━━━ Available records
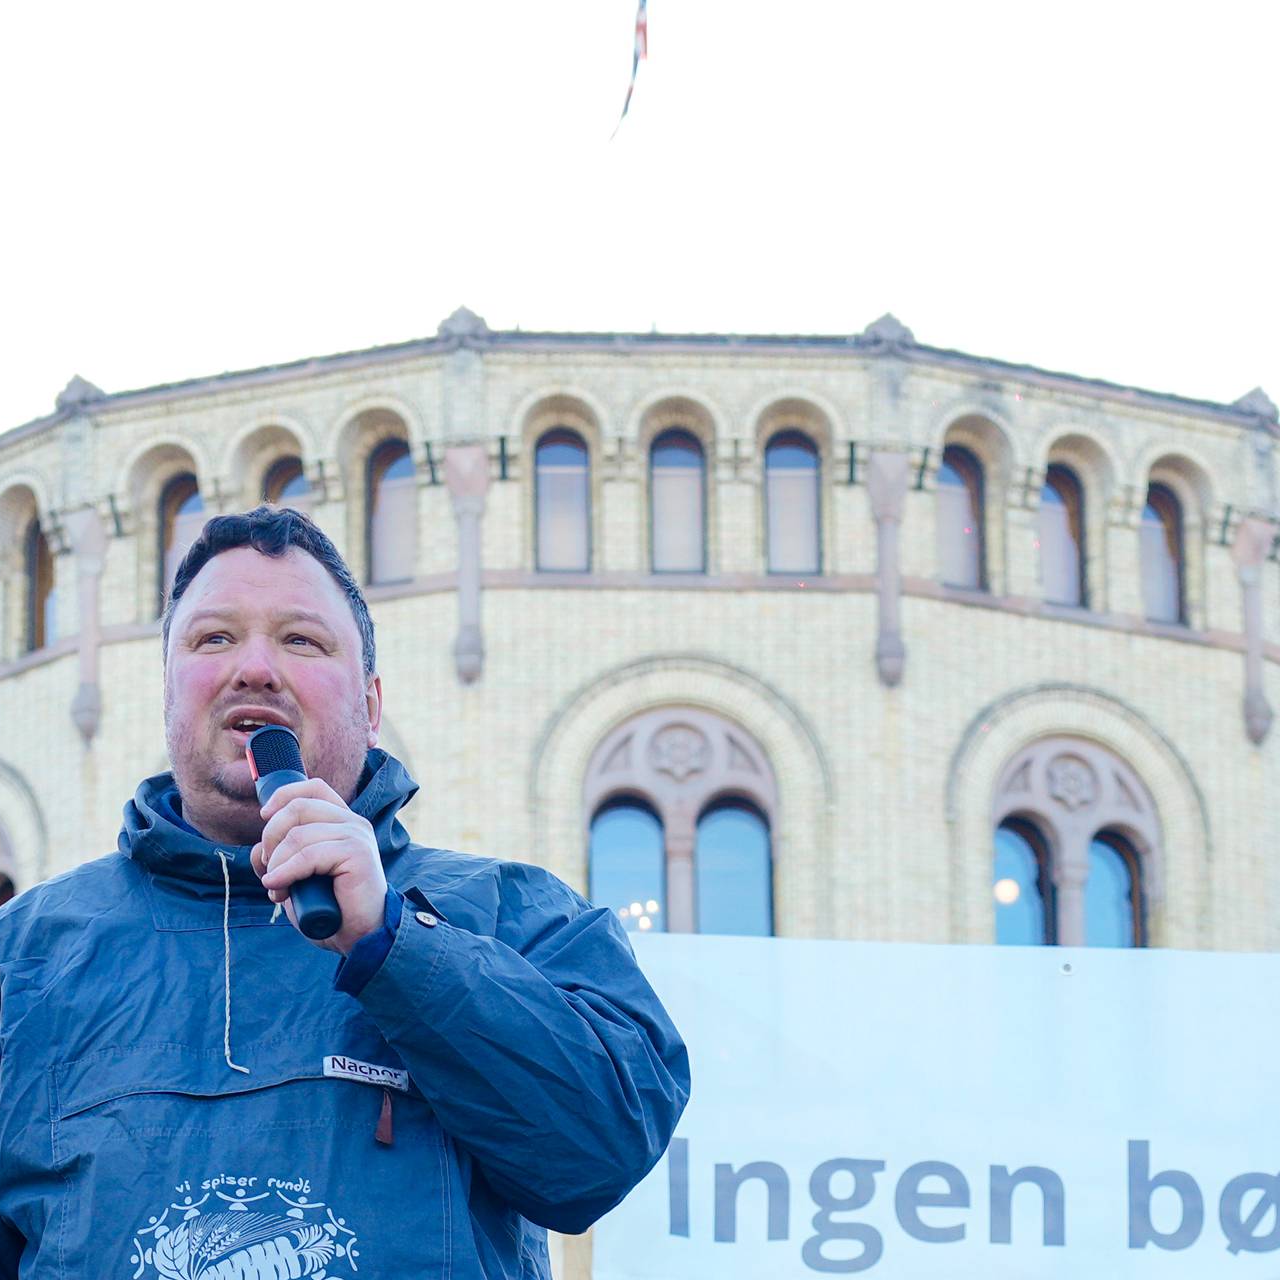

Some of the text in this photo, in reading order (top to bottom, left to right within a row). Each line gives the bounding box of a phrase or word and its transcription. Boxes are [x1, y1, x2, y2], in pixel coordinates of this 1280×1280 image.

[175, 1173, 312, 1194] vi spiser rundt
[668, 1137, 1067, 1275] Ingen
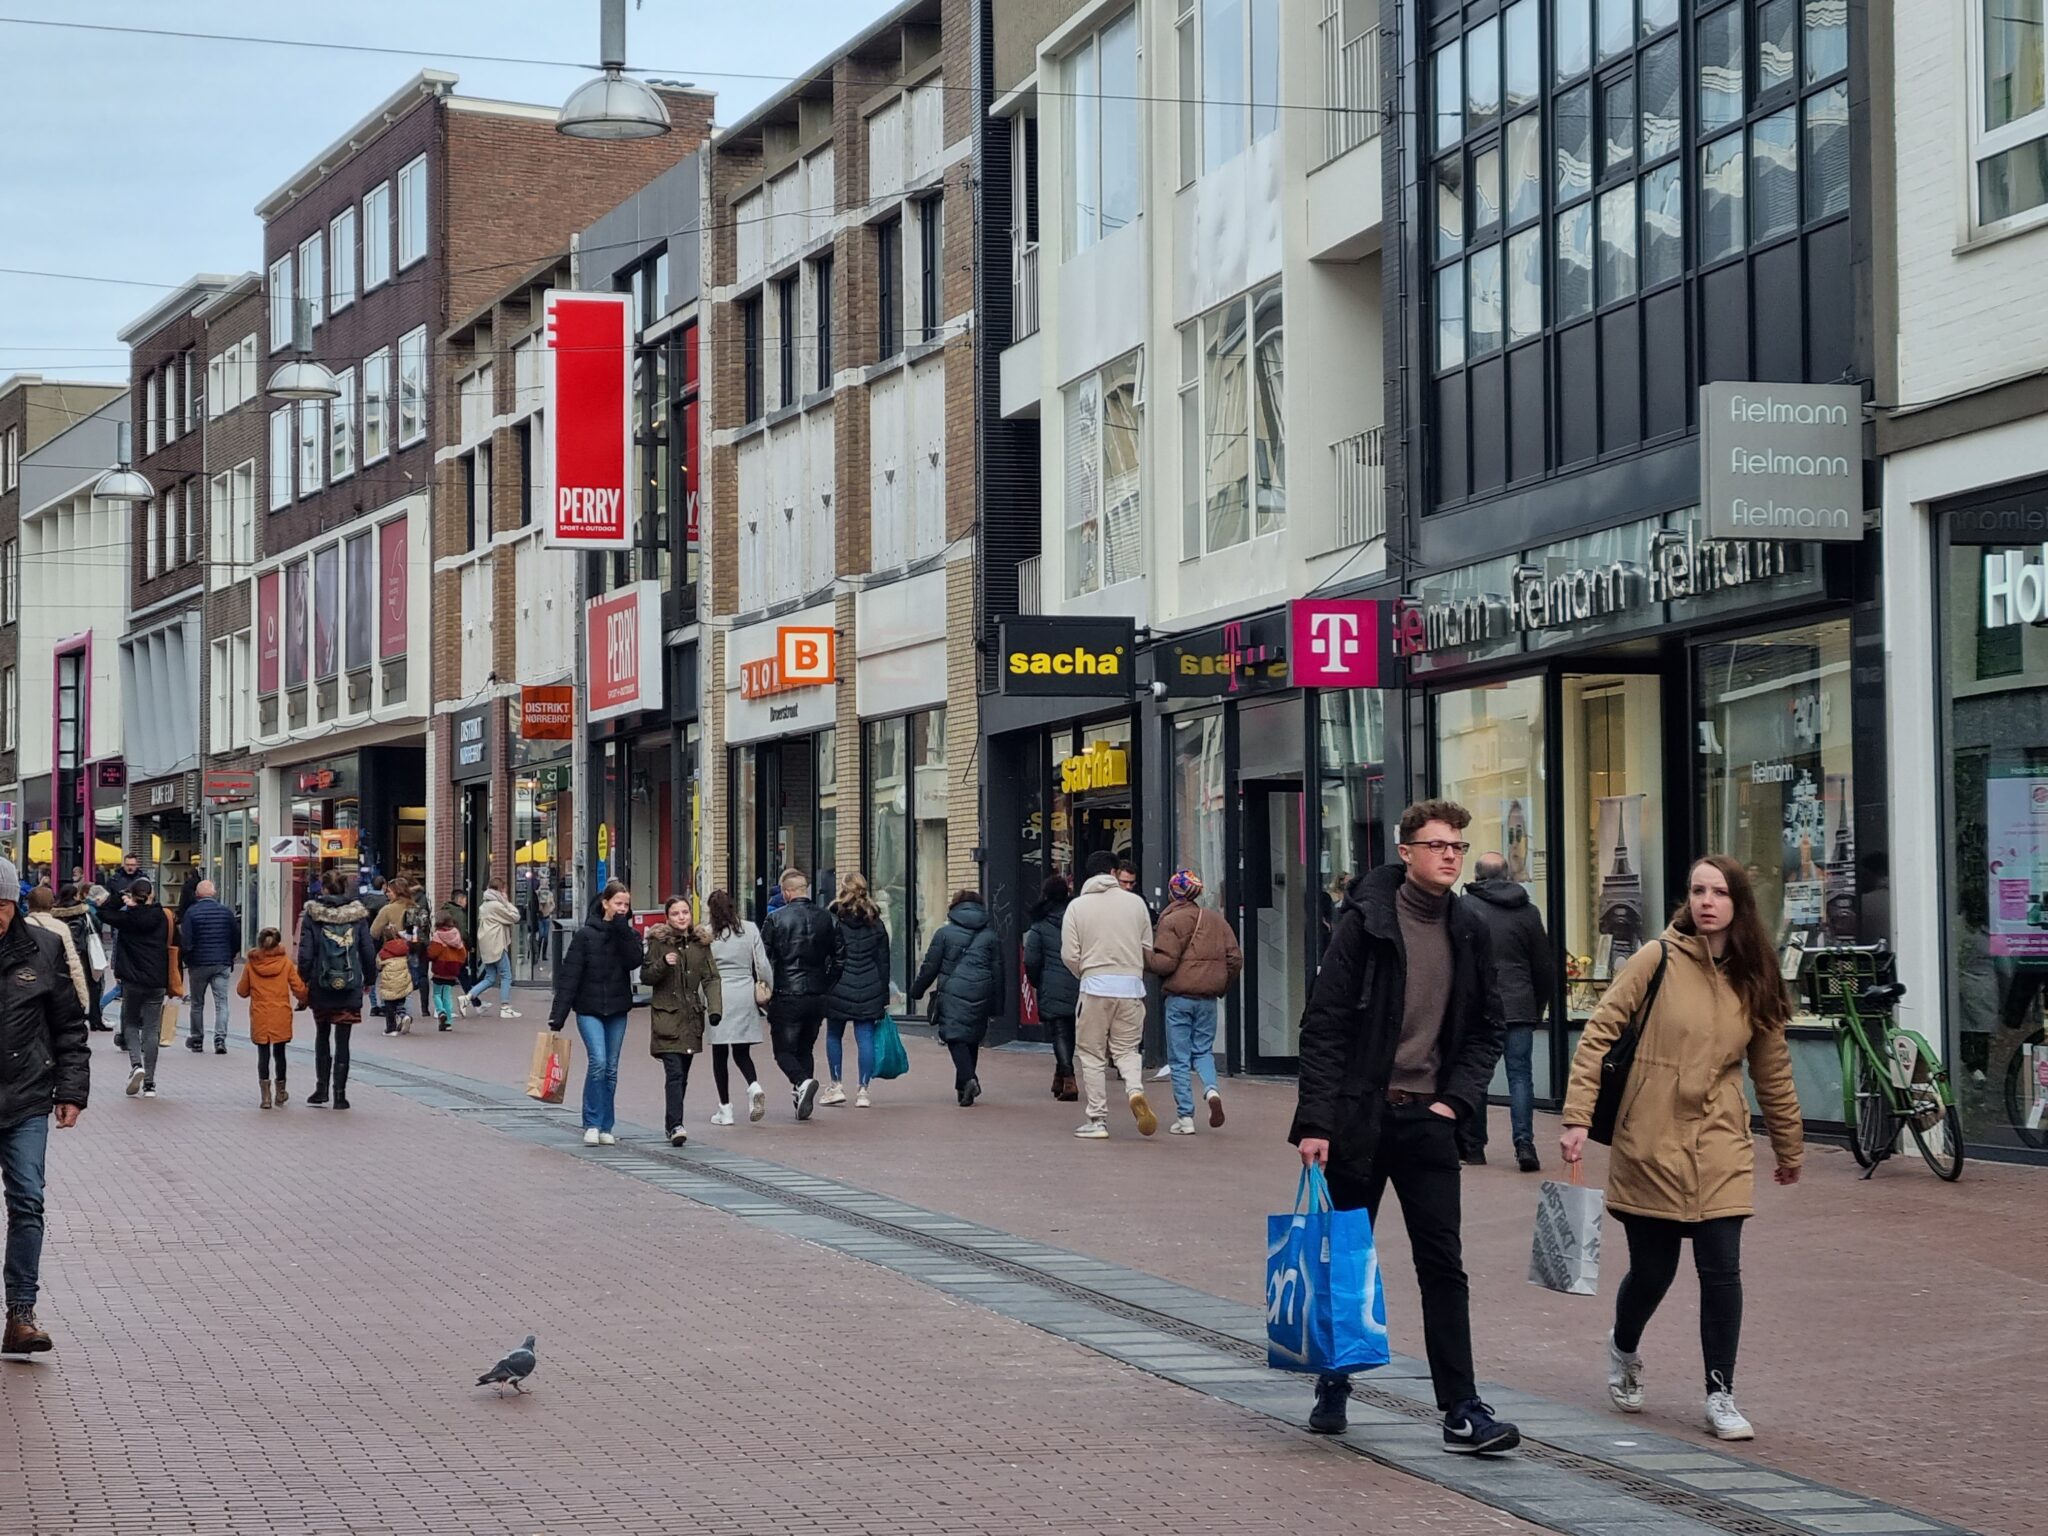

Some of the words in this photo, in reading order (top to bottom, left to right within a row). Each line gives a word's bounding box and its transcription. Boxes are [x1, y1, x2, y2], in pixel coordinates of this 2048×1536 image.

[559, 487, 621, 524] PERRY
[608, 605, 636, 684] PERRY
[795, 640, 819, 671] B
[1311, 613, 1359, 673] T
[525, 702, 569, 713] DISTRIKT
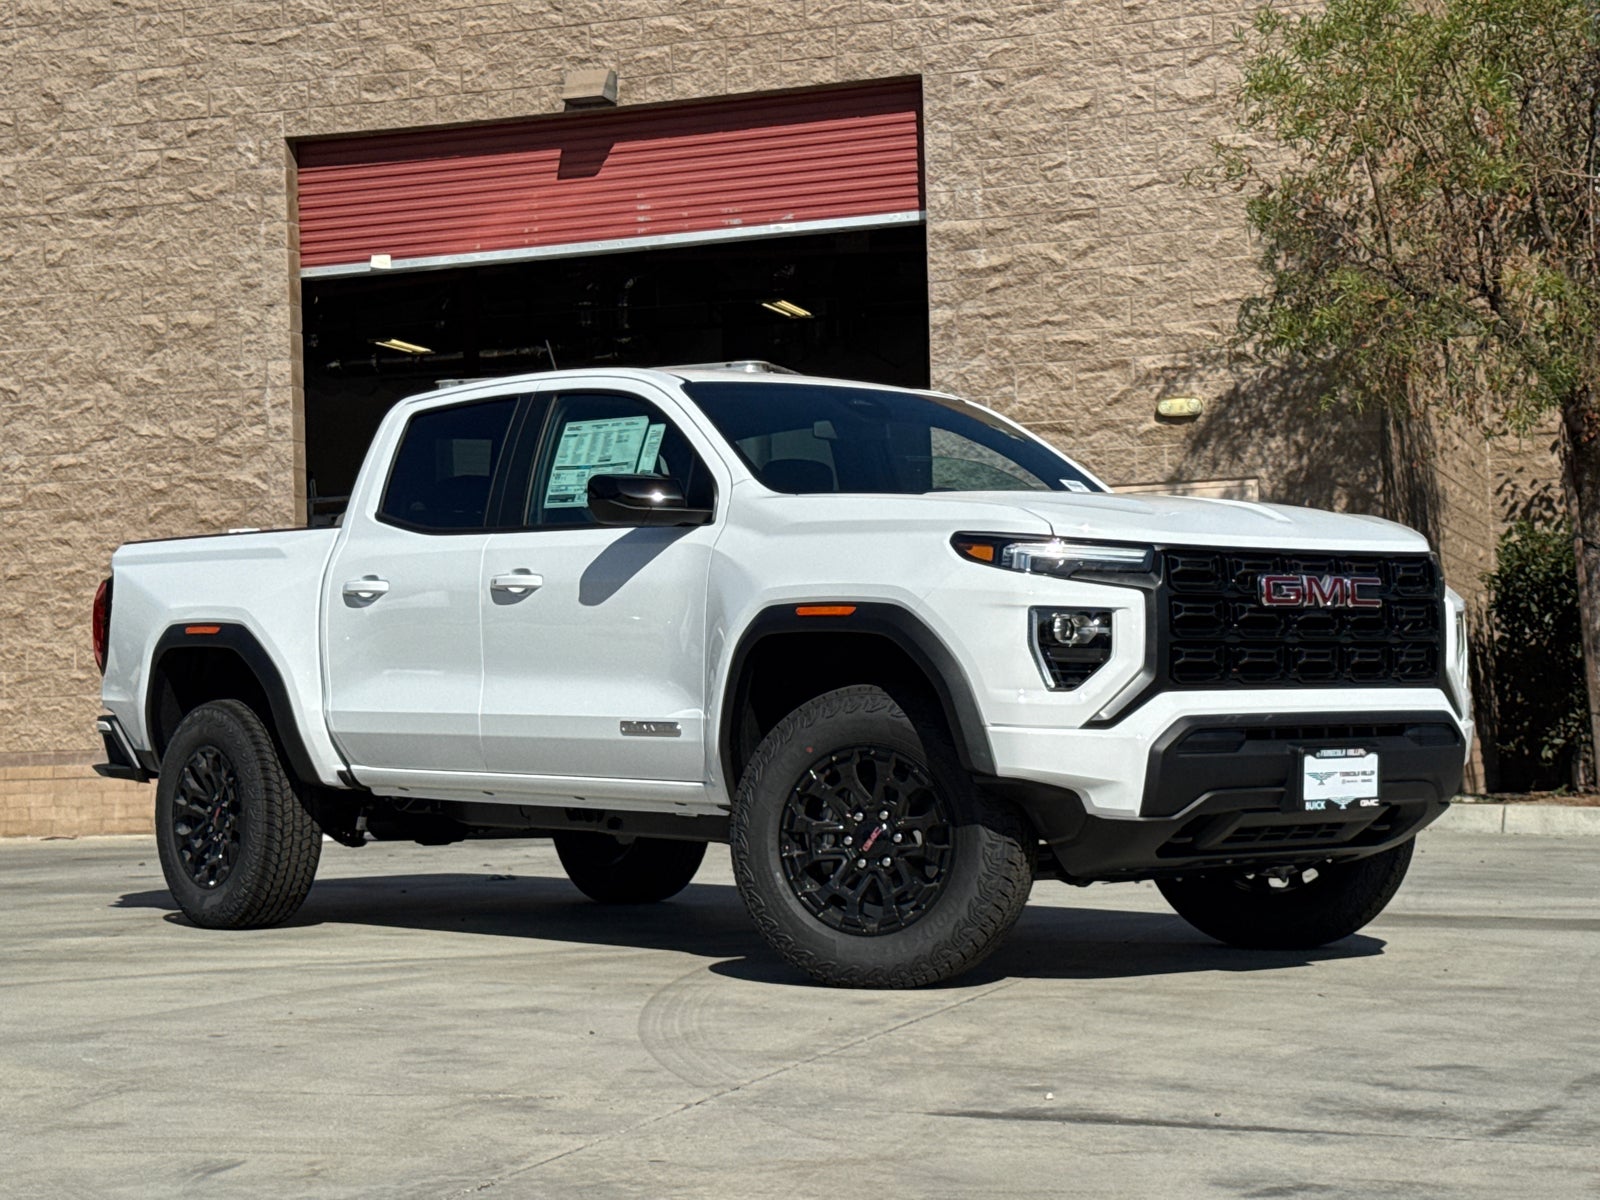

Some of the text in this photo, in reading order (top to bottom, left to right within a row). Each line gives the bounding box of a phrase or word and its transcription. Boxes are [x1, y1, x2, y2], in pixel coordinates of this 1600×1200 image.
━━━━━━
> [Exercise aim] Produce the data again character for character, with the images left out.

> [Task response]
Some of the text in this photo, in reading order (top to bottom, left to right within a row). Each line gives the bounding box of a phrase or word and its transcription. Boxes are [x1, y1, x2, y2], in pixel coordinates of this 1280×1280 image.

[175, 1173, 312, 1194] vi spiser rundt
[668, 1137, 1067, 1275] Ingen

Some of the words in this photo, in reading order (top to bottom, left to right within a row). Each line gives a word's bounding box and its transcription. Boxes are [x1, y1, x2, y2], in pixel coordinates of this 2048×1536 image.

[559, 487, 621, 524] PERRY
[608, 605, 636, 684] PERRY
[795, 640, 819, 671] B
[1311, 613, 1359, 673] T
[525, 702, 569, 713] DISTRIKT

Some of the text in this photo, in reading order (top to bottom, left to right within a row). Each line gives the bounding box of a phrase or word and its transcription. Boxes are [x1, y1, x2, y2], in pixel coordinates of this 1600×1200 image.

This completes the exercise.